Louise is still in bed.
It is almost eleven, Louise lies in her bed.
She lies, entangled in the multiple blankets that shape with lights and shades the delicate curves of her body.
Her hair flows softly on the pillow where they lay.
One of her leg, skinny but still forceful is spread out of the warm shield of the covers : A white arrow against the crimson mattress, and her smell fulfills the room.
It is a drunk sensation, that smell, like a rough rush of desire as a perfume.
Her white complexion distinguished itself clearly on the brass pillow, her sleek blond hair shining, her head hangs slightly on the left and she wears a dreamy face. And again that heady smell of her.
A man has taken his clothes and escaped by the window a few minutes ago, or more. The sound of a ragman praying in the distance is still ringing through.
The window open wide allows the breeze in, throwing the red curtains billowing. The chill is there too, engaged in a mighty fight against the protection of the blankets. The sun is pouring like burning coal inside, all of gold and beams.
The flowered wallpaper, yellowish now due to the ages’ action, emanates a soft warmth ; an old lady has just sneezed somewhere ; the picture of the madonna peers quietly over the room, all over the big brass bed, half-drowned in a vivid light.Oh, and that unwearable smell likewise a goddess body, entrancing.
Louise, she’s just near, she moves, rolling tenderly on her side, in an endless struggle against the reawakening. Stretching a leg now, crunching on herself then, the mouth slightly open ; a sugary breath blows between her ivory teeth.
The bed seems too big for her, she could have shrunk during the wild blazing nighttime, though I doubt it.
The murmur of the blankets rippling can be heard to the advert ear. The sandman is on a beach in Florida now : only the defense of her fragile eyelids remains. A deck of cards has been scattered on the floor, the jack of hearts swimming flat in a pool of hopes.
Outside, across Greenwich Village, nobody can guess that baby isn’t blessed, but that’s all our fate too. A man is sliding, a hat on his eye, round the corner of the avenue, God knows he paid some dues but now it makes it only seem so cruel.
The lamppost mule is holding up the skies, folding upon the world, that makes the dogs bark but they are only dogs, remember it.
What if Mona Lisa was not smiling and the Chineses were blind ? The highway happy, and the rumbling thunder shivering ? Like a roar, those questions still echo in the air, but she does not care, just like a little girl.

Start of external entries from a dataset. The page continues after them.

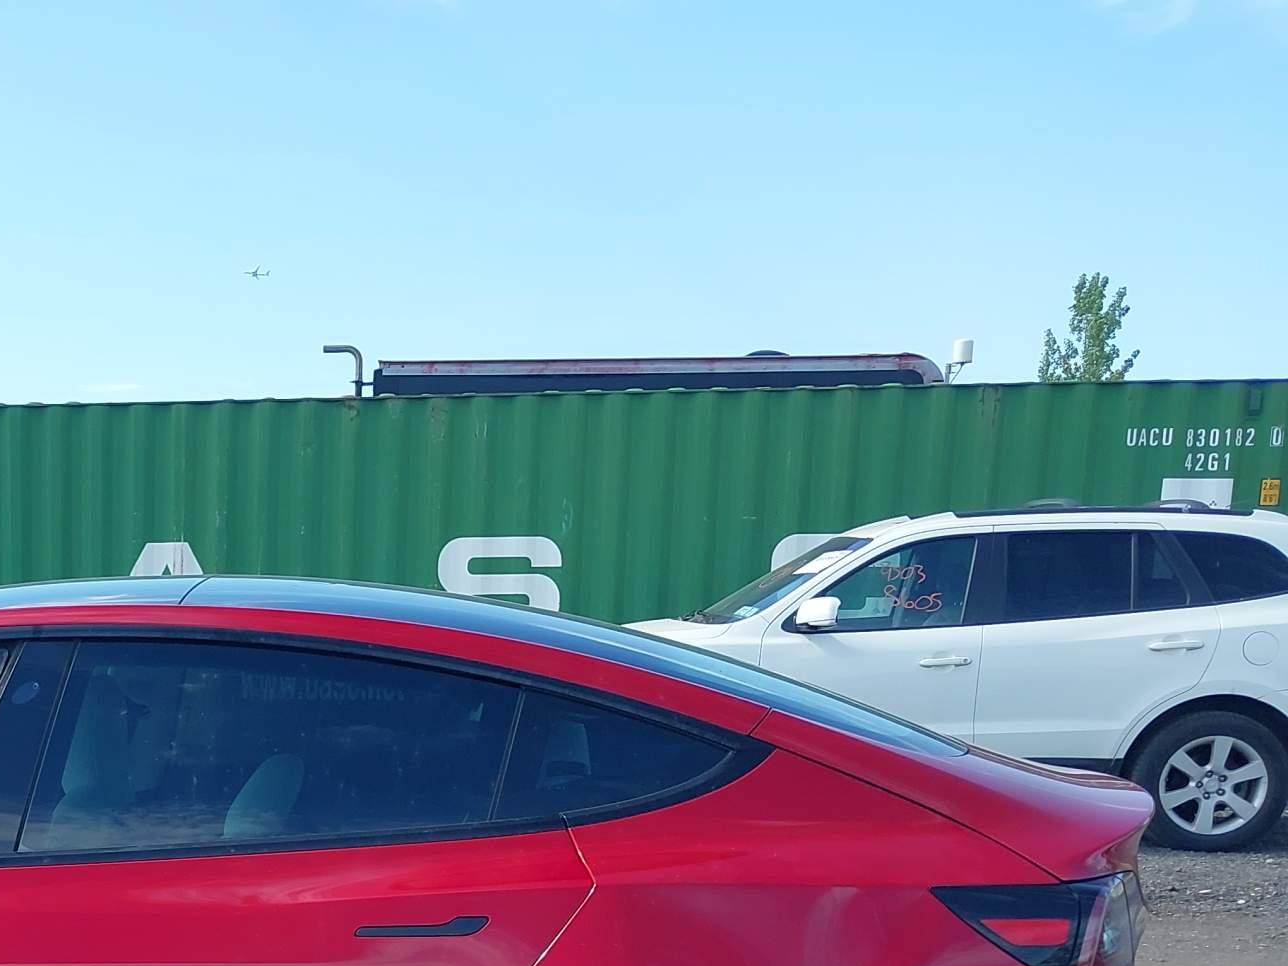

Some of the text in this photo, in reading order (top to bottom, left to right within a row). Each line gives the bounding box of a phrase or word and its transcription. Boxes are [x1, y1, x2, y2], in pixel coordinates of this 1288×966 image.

[1126, 426, 1283, 447] UACU 830182 0
[1184, 452, 1230, 471] 42G1
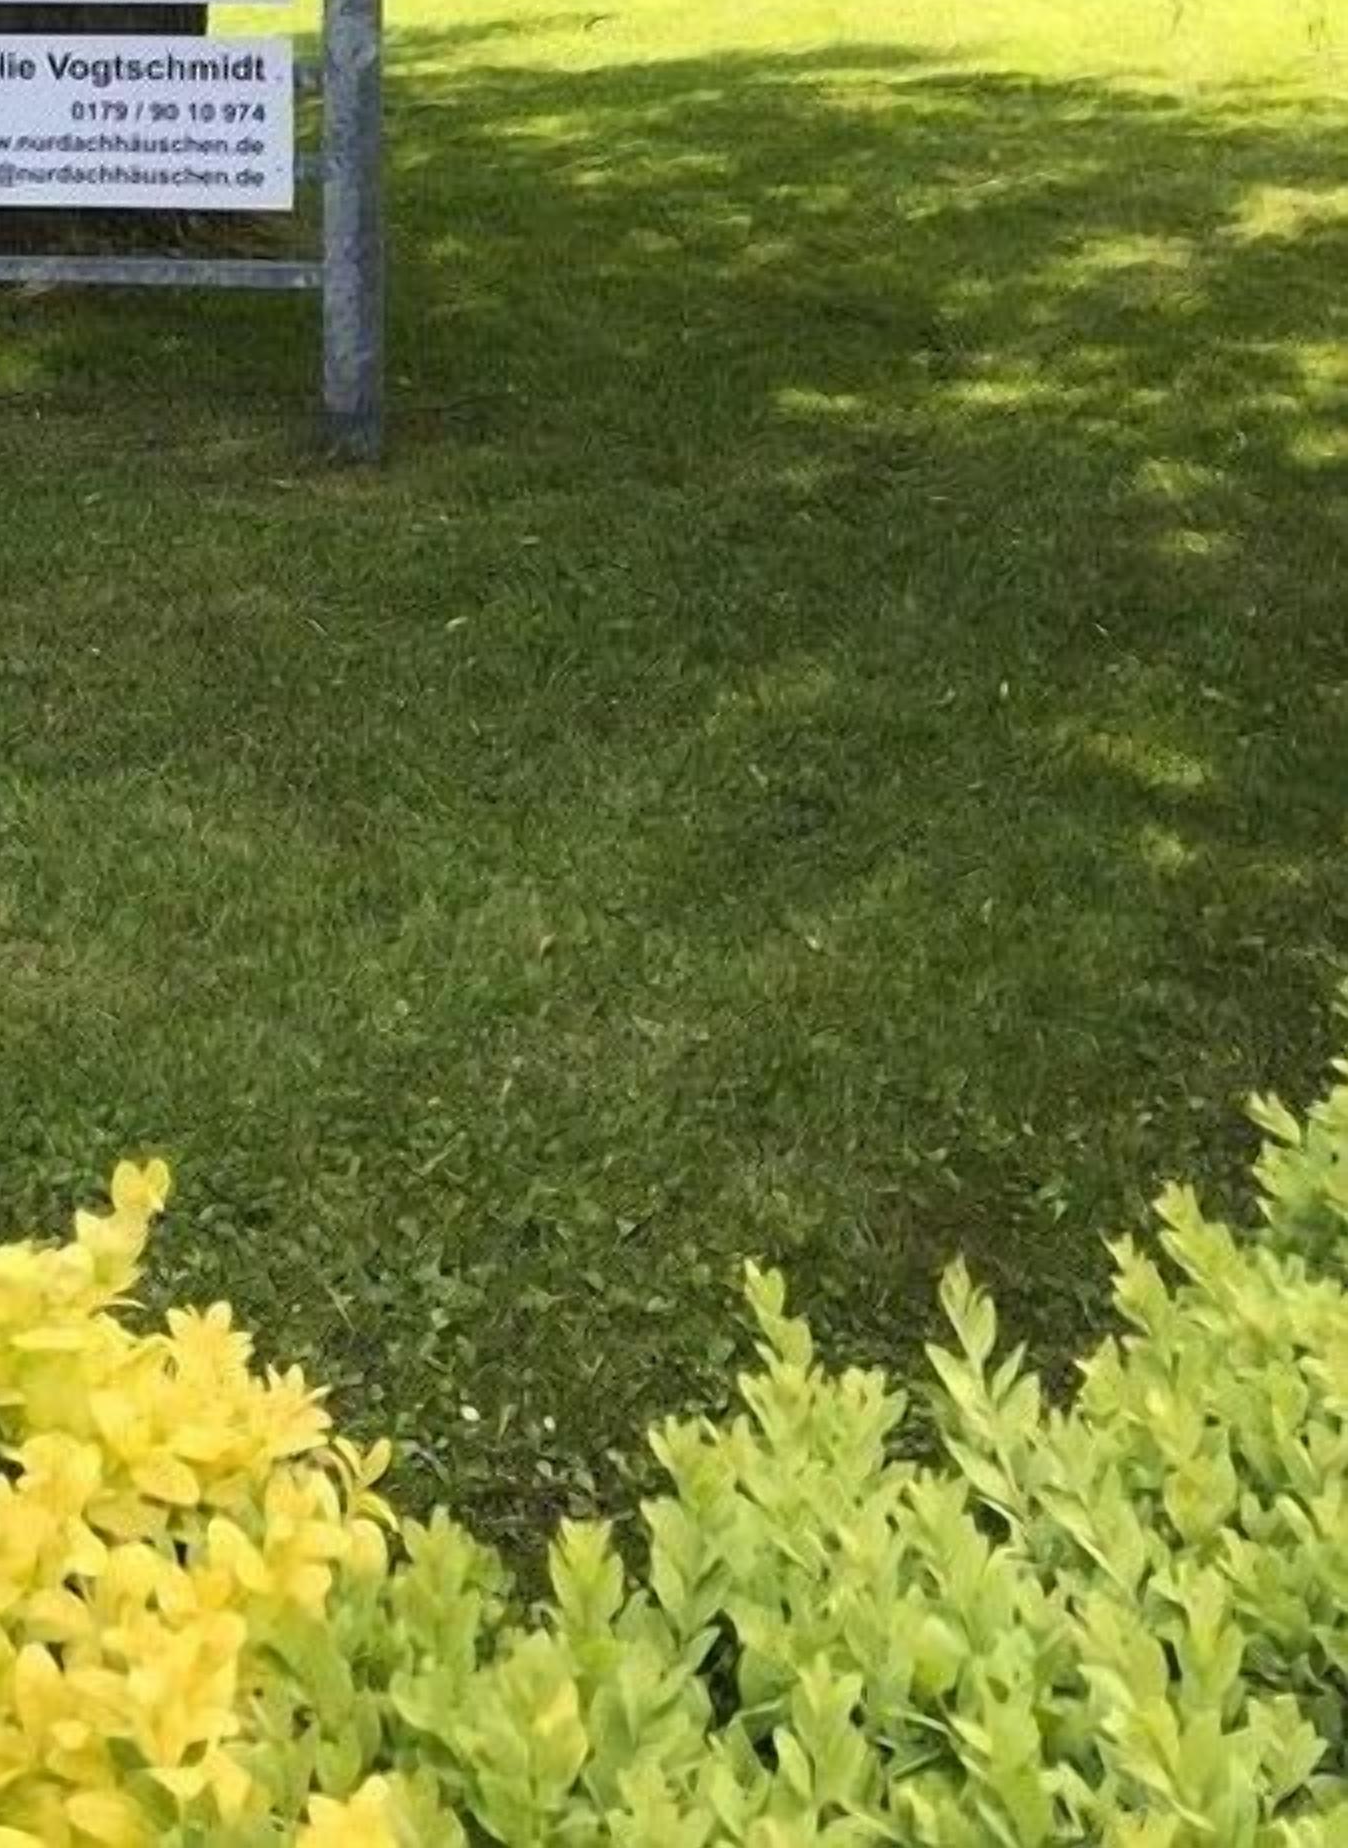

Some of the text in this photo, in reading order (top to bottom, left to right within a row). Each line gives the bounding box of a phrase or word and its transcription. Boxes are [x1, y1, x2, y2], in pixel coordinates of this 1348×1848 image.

[47, 51, 267, 89] Vogtschmidt
[70, 100, 129, 121] 0179
[188, 101, 217, 123] 10
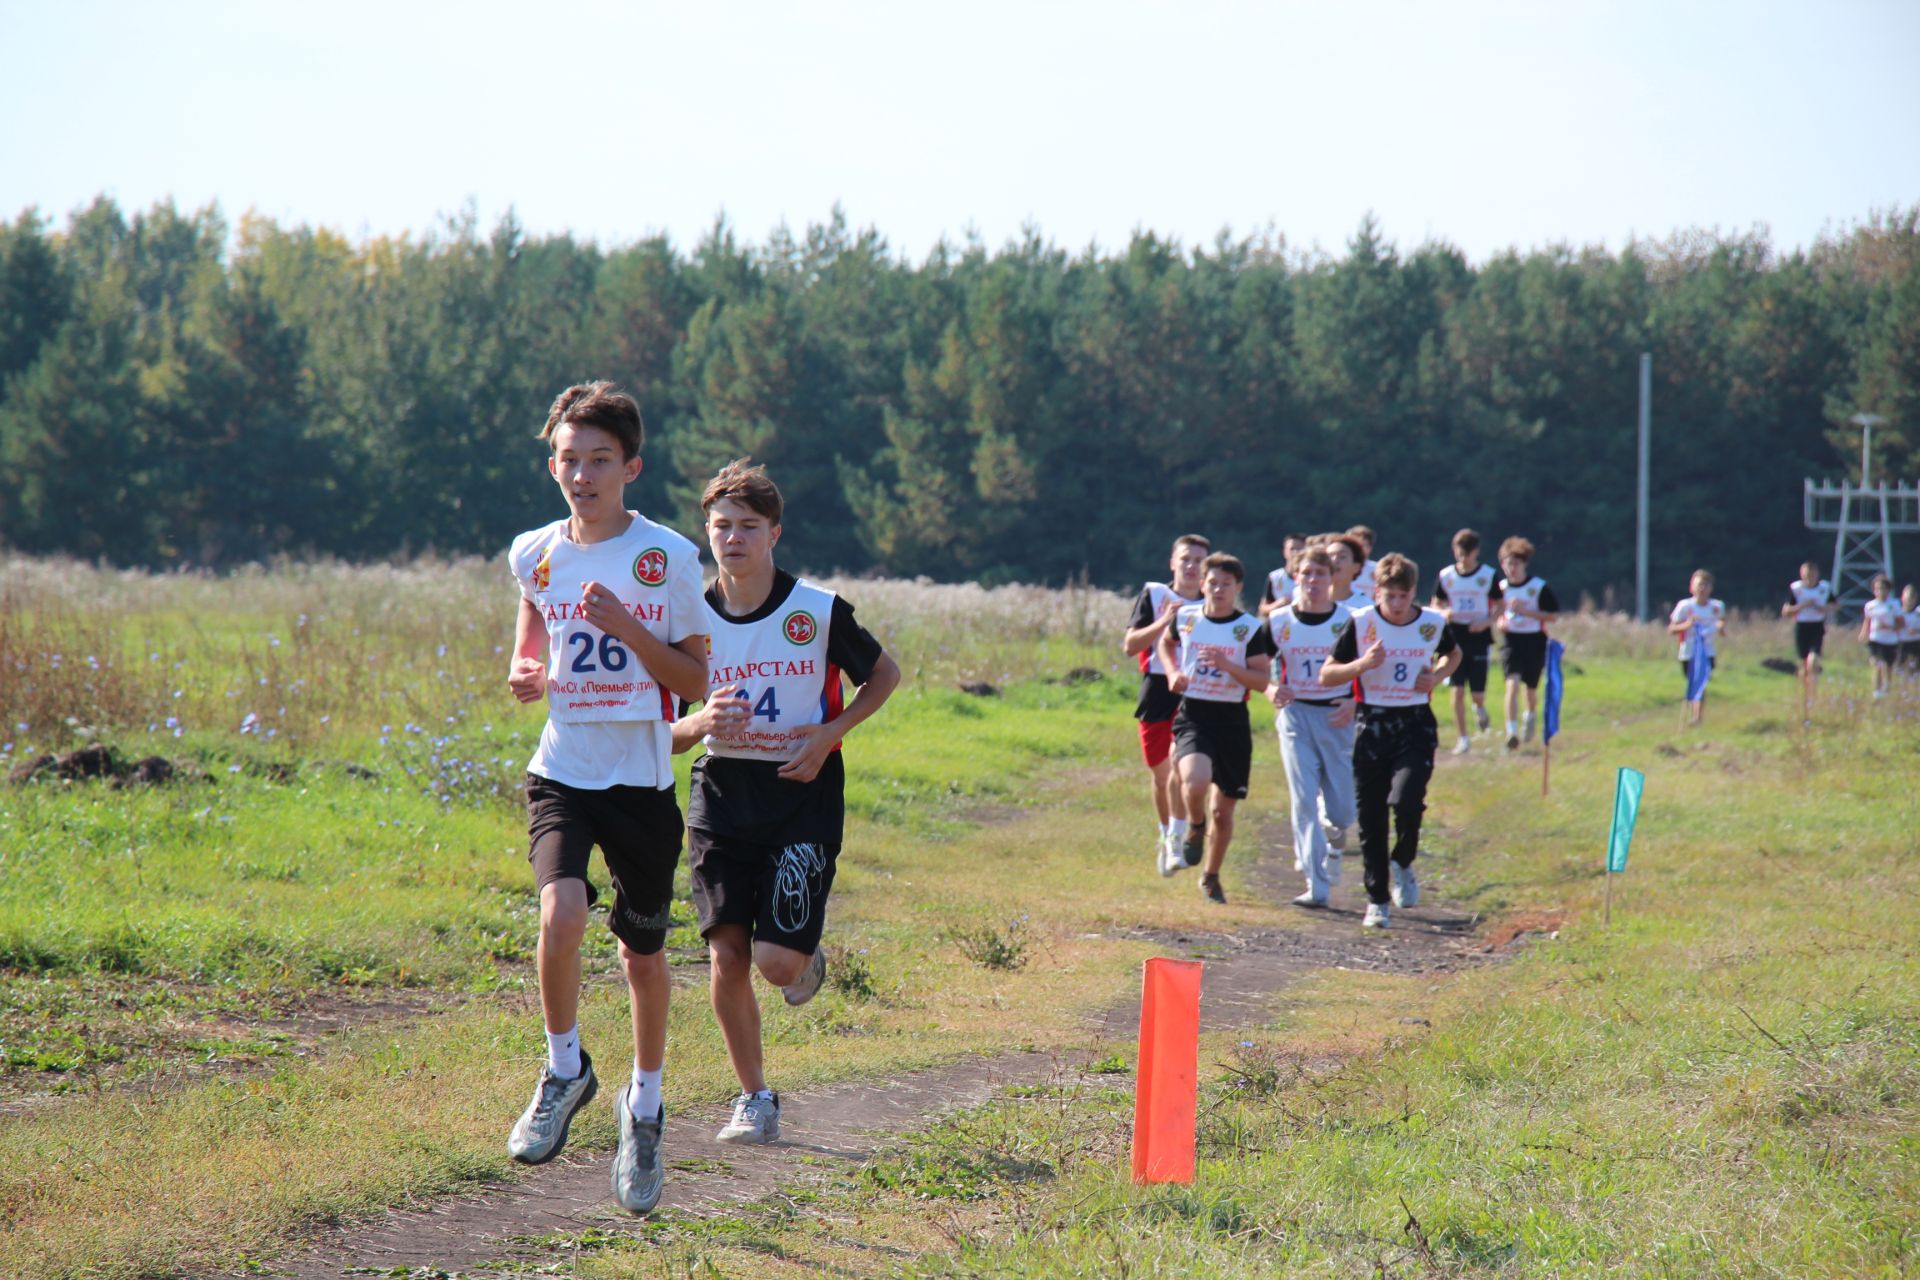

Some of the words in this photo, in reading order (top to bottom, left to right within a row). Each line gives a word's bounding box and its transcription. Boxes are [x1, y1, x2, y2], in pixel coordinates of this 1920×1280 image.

[539, 600, 664, 622] АТААН
[568, 631, 628, 673] 26
[1291, 646, 1330, 655] РОССИ
[1386, 648, 1425, 657] ОССИЯ
[711, 659, 816, 684] АТАРСТАН
[1394, 662, 1408, 682] 8

Her pearly fingers run across her face, through her hair and down her eyes. She bridges languorishly her back to the ceiling and falls back featherlike, lying now straight.
Two spotlights of blue and mist opened, staring at the ceiling, the dreadful ceiling. Images of past and future, of lovers and crooks swirling in front of her : she’s awake.
A fat budgie sings like silence from a corroded cage in the darkened corner ; A bra and a shirt hang from it but no one really cares. The rumbling of the crowds, the soundtrack of our life. A tree near the window shatters the blinding light that bursts in the room. And that smell… it’s so hard to get on.
Likewise the leopard, she stands out her nest, softly, without any noise and with great grace. She grabs a shirt that she let on her shoulders floating to her hips, to protect the body from the haunting chill, and she strikes the fat budgie.
The floor it is cold, she walks, she floats on her tiptoes to the window ; as she walks, the sunshine draw ghosts of valleys, hills and forests upon her flesh. Dignity is carved in her features, meanwhile the spirit of sensuality howls in the bones of her face.
A strand of hair taunts her eye as her mane seems to follow every breath, every pace she takes, timelessly. She removes that strand arrogantly. An eternity had just passed when she arrived at the window, an eternity of elegance that no school can ever teach, that no one can ever learn.
She stands, framed by the pouring light, bathed in clarity, like an angel on the window ledge. A restless memory of him has disappeared : she said she was called Johanna yesterday, she said she would never forget, neither of them believed it, she said watery words, she spoke from her watery lips, once. The egyptians pretended that every new day was a new world, she’s not egyptian. Still she does not feel yesterday anymore. She just stands there, framed by the pouring light, the beauty of the world and the beauty of my lover so entwined, an oblivion conquers our minds.
She looks but does not see ; She listens but does not hear ; she exists, she does not live and she spends a lifelong while at those window. Greenwich Village, the green and gold and brown and grey daytime light and tree and street. The shirt dancing on her sides, she smiles mirthful, her shiny eyes seem to encompass the whole universe in a sight, or two. She is present, she is here, she is her. Like she never done before…
Maybe she has stood the trial of time at this window, carved in an instant of perfection, maybe she is flying with the doves by now, heading for the gates of Eden, maybe, she has jumped…anyway.
Oh, and that smell of her, is now all that remains.